Blender Sculpting Experiments

Revisiting some earlier attempts at sculpting and modeling in Blender

Back in 2020 I started in earnest trying to learn Blender’s sculpting and modeling tools. Last night I was reminded that I only posted the results to Facebook-owned platforms, and I should get them up on my own site.

The one I had the most success with was a simple version of one of the dogs from P.D. Eastman’s Go, Dog. Go!, which was my favorite book as a little kid. Another one I like, although I didn’t get very far at all, was a sculpt of Cousin Eerie from Eerie magazine, designed I believe by Jack Davis. (Even if he didn’t design the character, his version is my favorite).

I’ve been playing around with Nomad Sculpt for the iPad quite a bit lately, and having a ton of fun with it. The other night was the first time I tried importing a model from Nomad Sculpt into Blender, and it was eye-opening for just how forgiving Nomad is to people new to sculpting. Probably just because of the material and default lighting it uses, it hides all the blobby imperfections and rough patches and mistakes that Blender puts into full relief. (As it should, as it’s all stuff you need to catch in a more professional environment).

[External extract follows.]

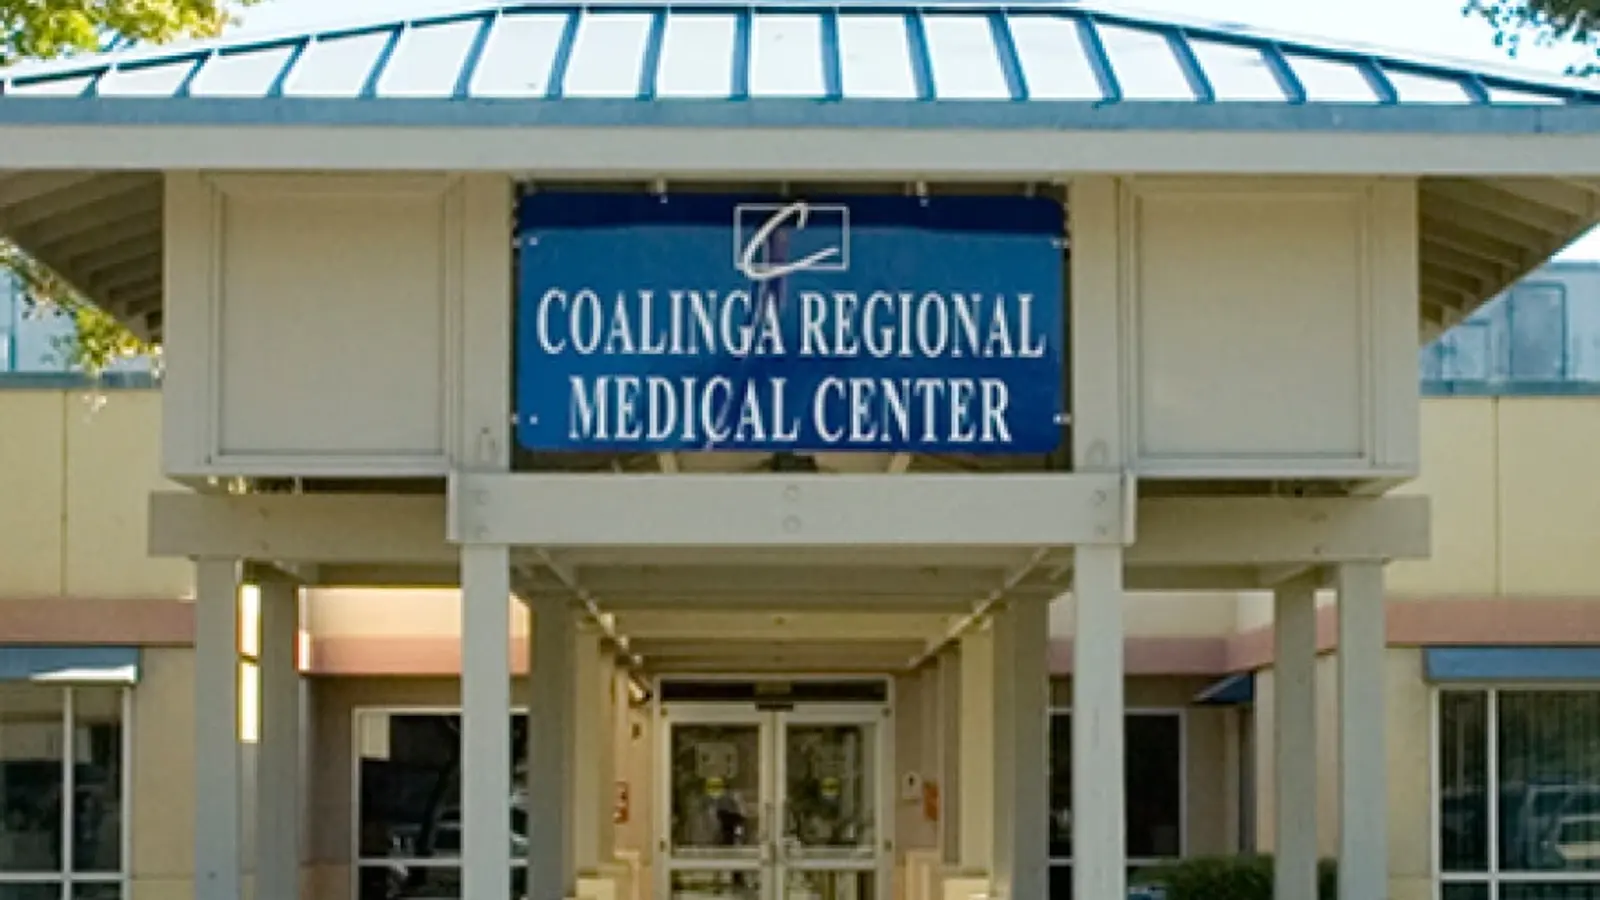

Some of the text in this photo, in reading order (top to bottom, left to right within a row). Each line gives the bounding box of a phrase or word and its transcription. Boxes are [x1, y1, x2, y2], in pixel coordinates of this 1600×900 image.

It’s less accurate, and possibly even reinforces bad habits, but it’s a lot more fun and a lot more encouraging to keep practicing, since it seems to do everything it possibly can to give you a good-looking model. At least in screenshots. I could stand to keep practicing with Blender’s sculpting and modeling tools, obviously, but I’ve got a feeling my first drafts are going to be coming from the iPad from now on.